§ SUPPLIED RECORDS:
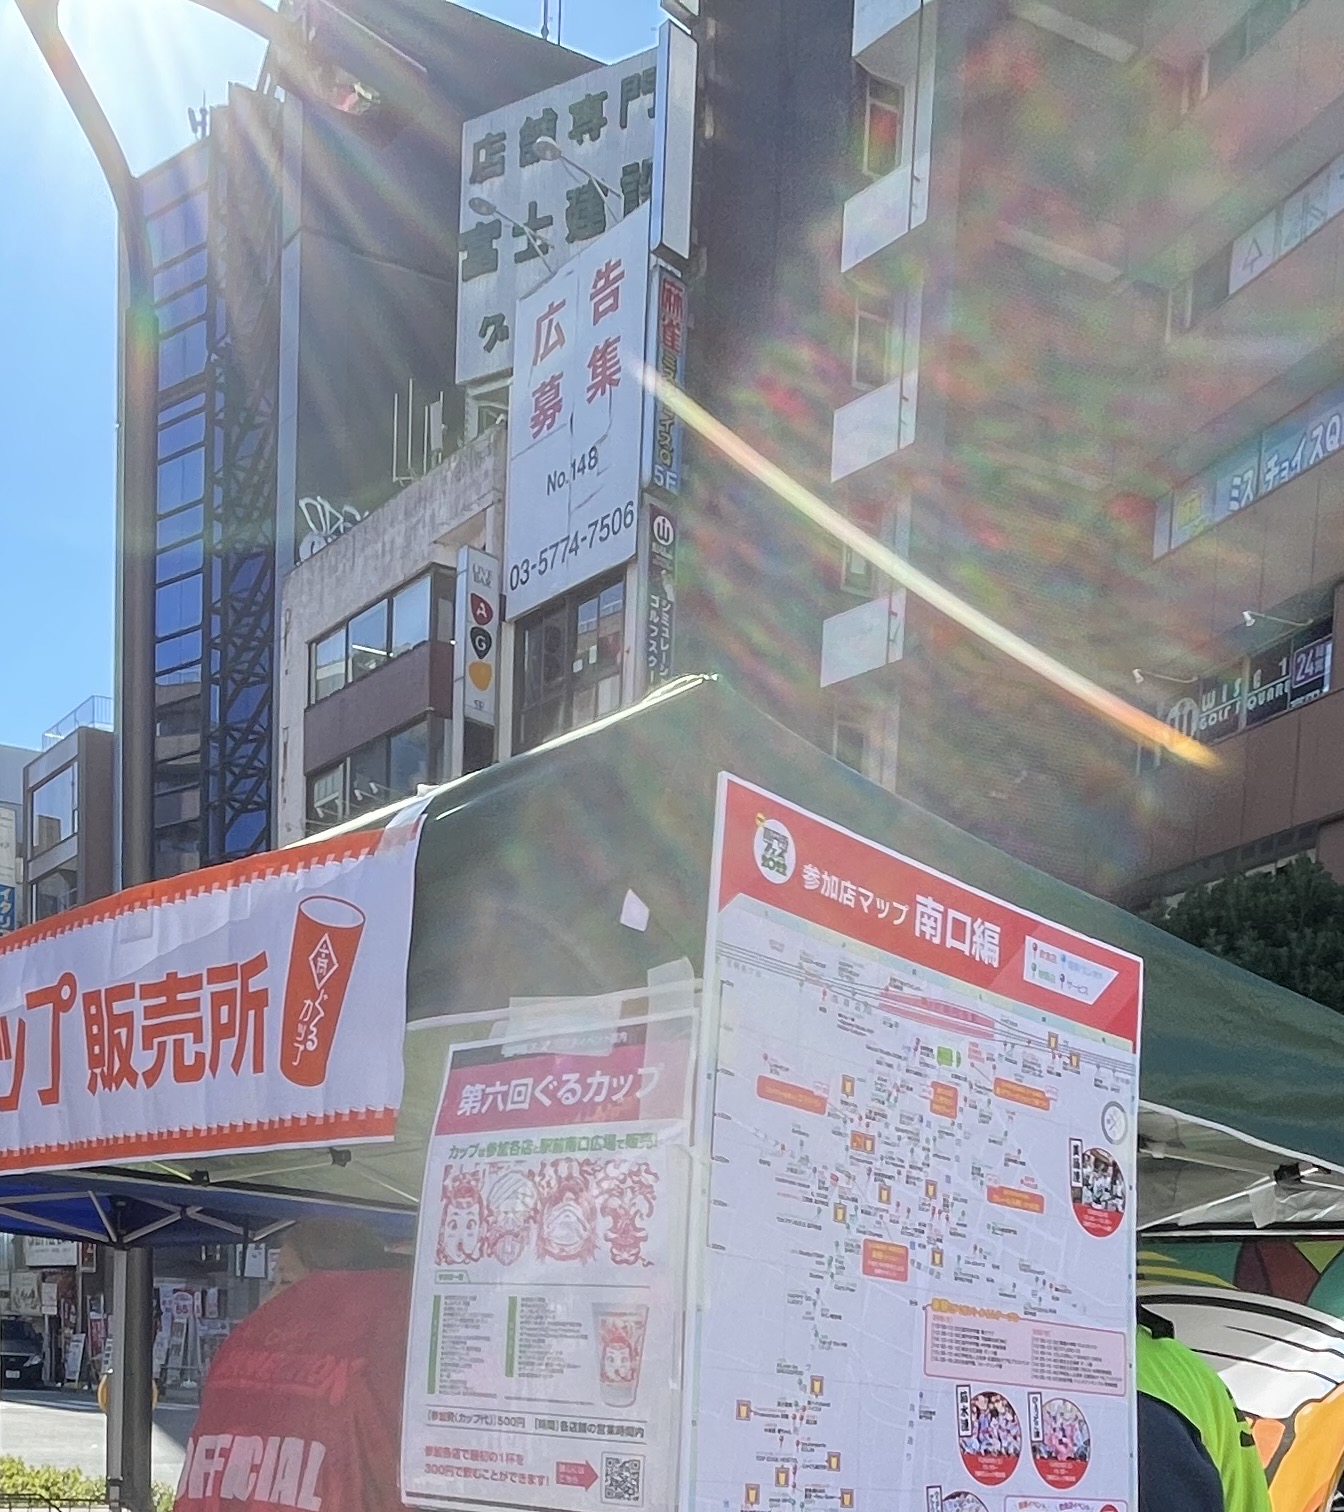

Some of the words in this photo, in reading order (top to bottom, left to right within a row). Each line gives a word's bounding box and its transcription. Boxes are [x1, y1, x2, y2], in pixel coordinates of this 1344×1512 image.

[532, 258, 626, 368] 広告
[529, 334, 623, 440] 募集
[509, 499, 636, 592] 03-5774-7506
[801, 863, 910, 926] 参加店マップ
[913, 893, 1002, 968] 南口編
[456, 1061, 665, 1117] 第六回ぐるカップ
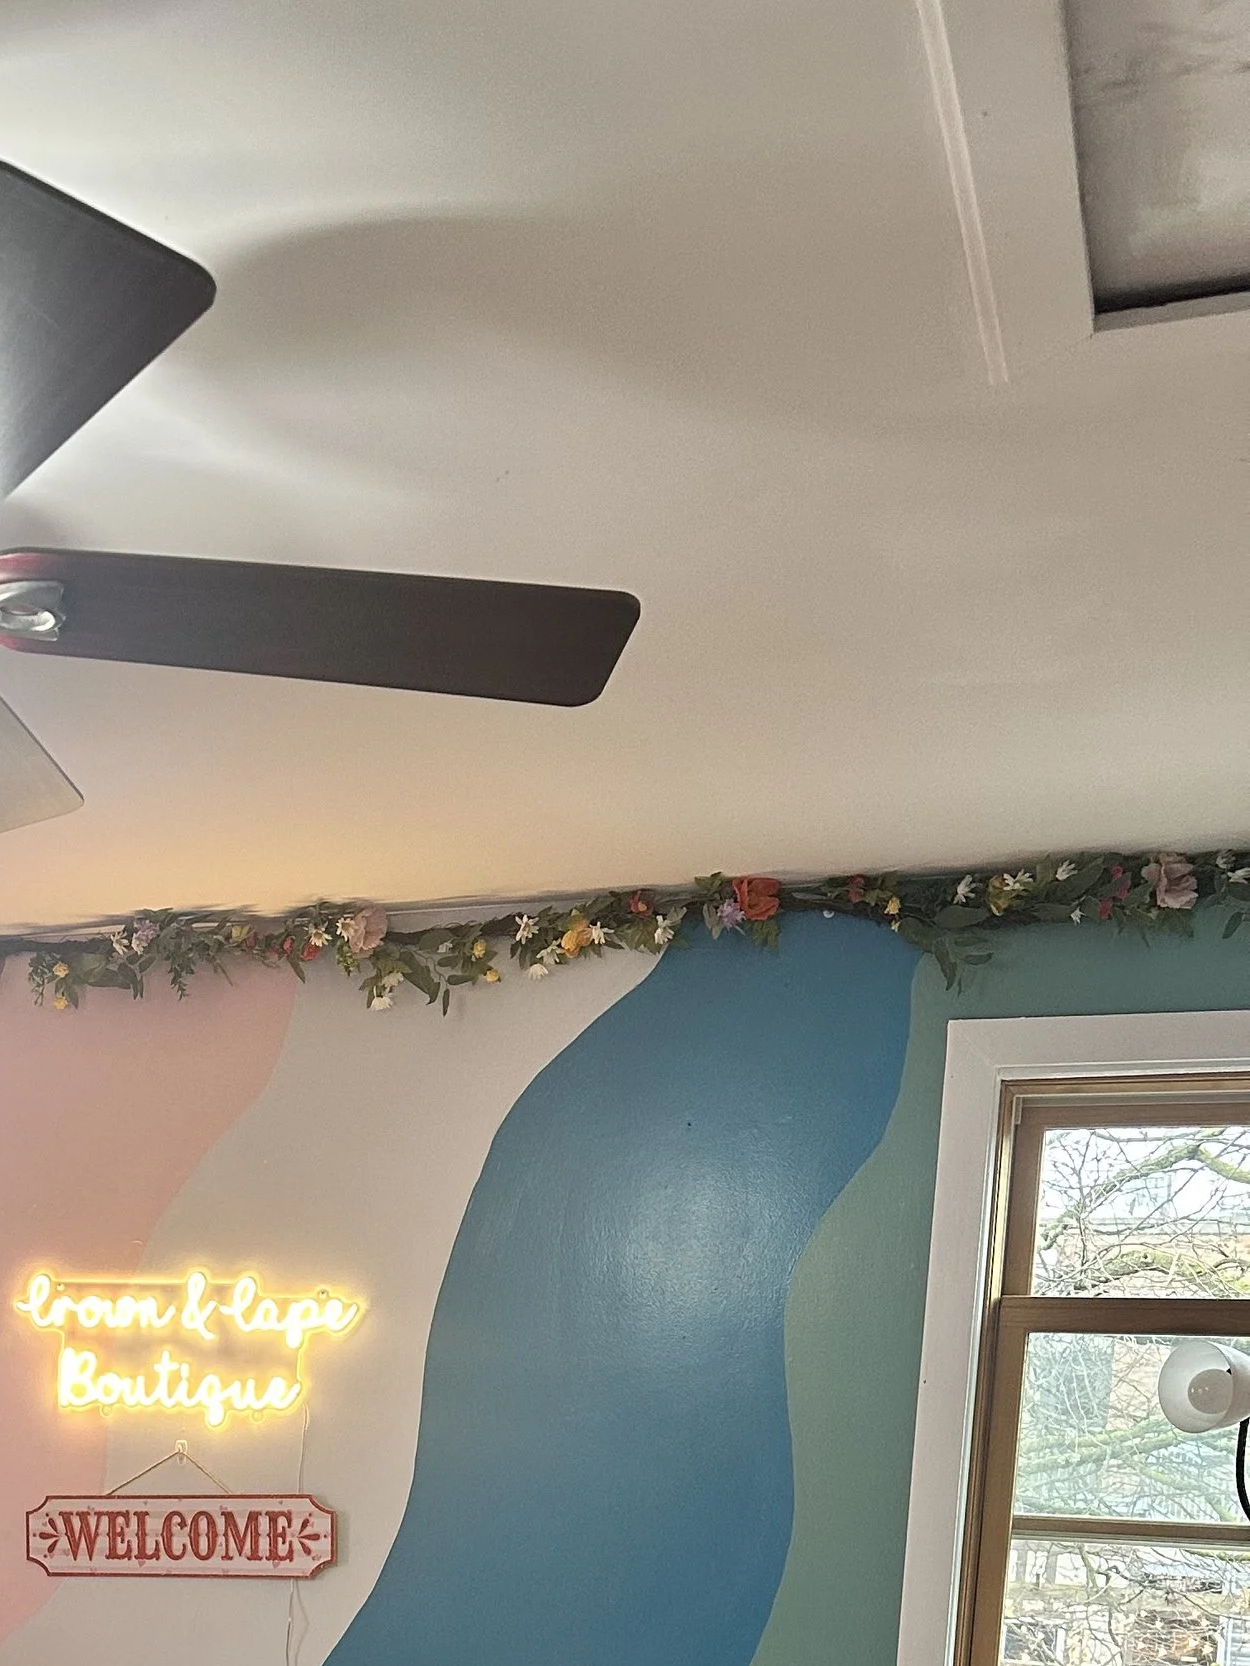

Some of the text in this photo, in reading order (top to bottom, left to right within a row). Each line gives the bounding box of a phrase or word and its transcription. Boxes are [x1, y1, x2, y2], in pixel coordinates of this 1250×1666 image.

[182, 1272, 217, 1340] &
[59, 1347, 301, 1426] Boutique
[58, 1510, 294, 1562] WELCOME
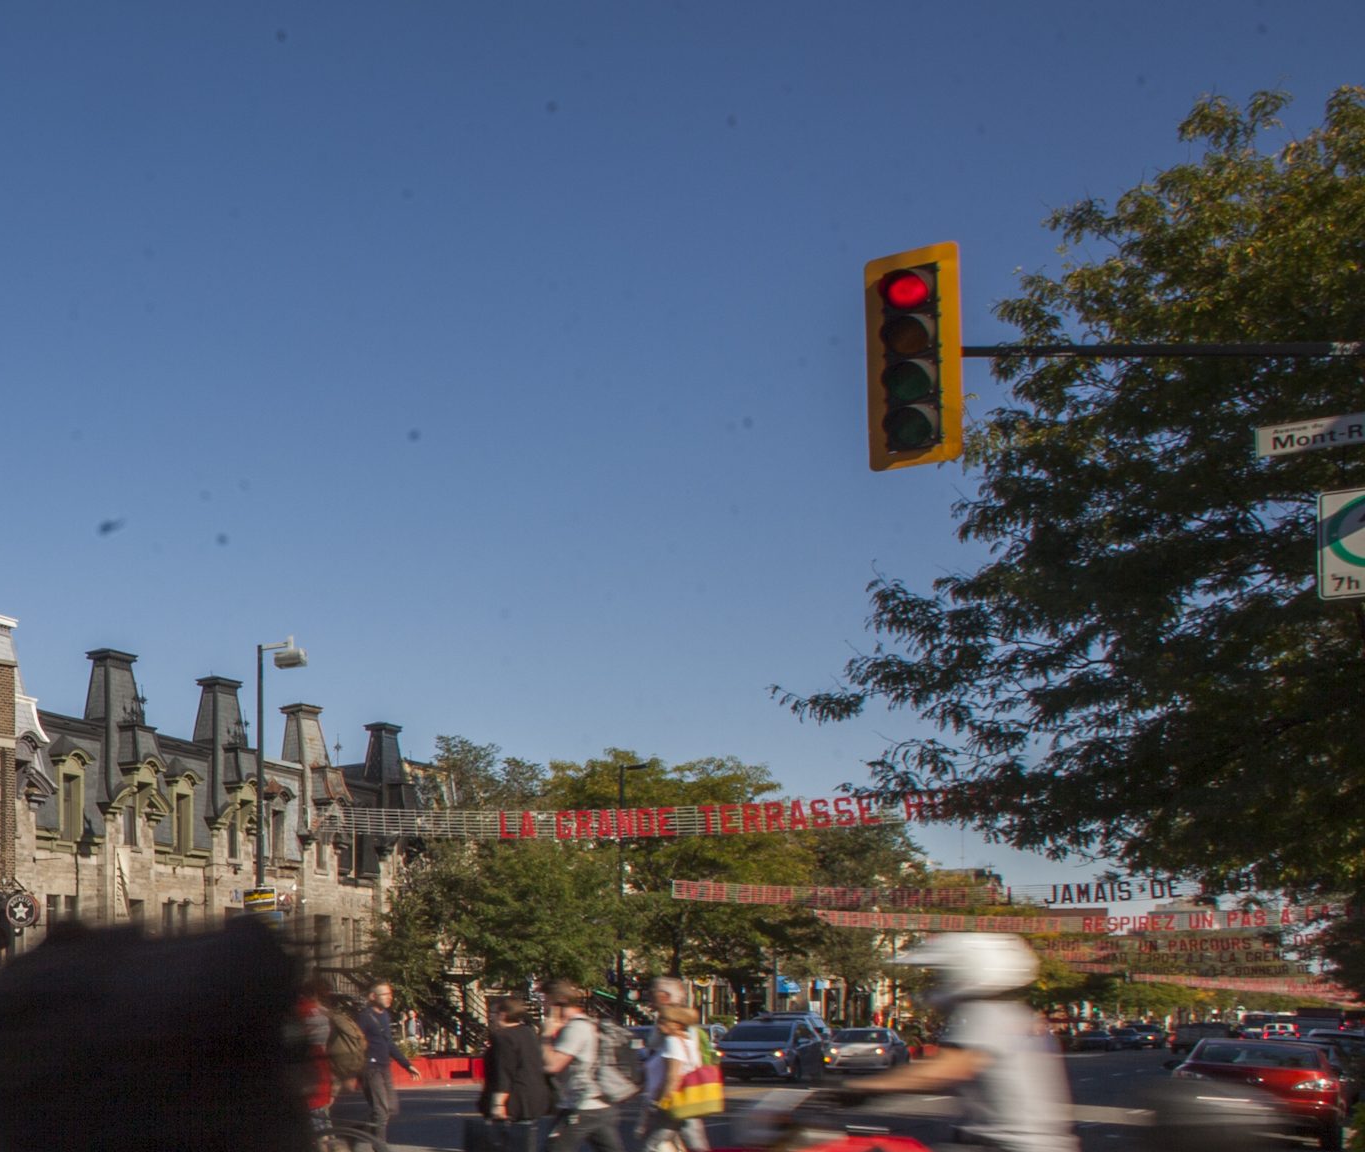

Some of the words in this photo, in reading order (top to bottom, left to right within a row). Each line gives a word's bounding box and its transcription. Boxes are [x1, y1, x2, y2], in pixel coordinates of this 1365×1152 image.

[499, 811, 536, 839] LA
[555, 807, 677, 839] GRANDE
[698, 796, 883, 836] TERRASSE
[1044, 881, 1132, 904] JAMAIS
[1150, 879, 1182, 899] DE
[1082, 915, 1176, 933] RESPIREZ
[1189, 913, 1214, 930] UN
[1227, 910, 1266, 928] PAS
[1138, 938, 1158, 954] UN
[1167, 937, 1252, 953] PARCOURS
[1235, 964, 1289, 976] BONHEUR

§ WORK TASK: Print every entry above again without changing a word, and omit the pictures.

§ EXERCISE RESULT:
Some of the words in this photo, in reading order (top to bottom, left to right within a row). Each line gives a word's bounding box and its transcription. Boxes are [x1, y1, x2, y2], in pixel coordinates of this 1344×1512 image.

[532, 258, 626, 368] 広告
[529, 334, 623, 440] 募集
[509, 499, 636, 592] 03-5774-7506
[801, 863, 910, 926] 参加店マップ
[913, 893, 1002, 968] 南口編
[456, 1061, 665, 1117] 第六回ぐるカップ

Some of the text in this photo, in reading order (top to bottom, left to right within a row). Each line gives the bounding box of a phrase or word and its transcription. Boxes are [x1, y1, x2, y2], in pixel coordinates of this 1250×1666 image.

[182, 1272, 217, 1340] &
[59, 1347, 301, 1426] Boutique
[58, 1510, 294, 1562] WELCOME

Some of the words in this photo, in reading order (top to bottom, left to right within a row). Each line gives a word's bounding box and its transcription. Boxes are [x1, y1, x2, y2], in pixel coordinates of this 1365×1152 image.

[499, 811, 536, 839] LA
[555, 807, 677, 839] GRANDE
[698, 796, 883, 836] TERRASSE
[1044, 881, 1132, 904] JAMAIS
[1150, 879, 1182, 899] DE
[1082, 915, 1176, 933] RESPIREZ
[1189, 913, 1214, 930] UN
[1227, 910, 1266, 928] PAS
[1138, 938, 1158, 954] UN
[1167, 937, 1252, 953] PARCOURS
[1235, 964, 1289, 976] BONHEUR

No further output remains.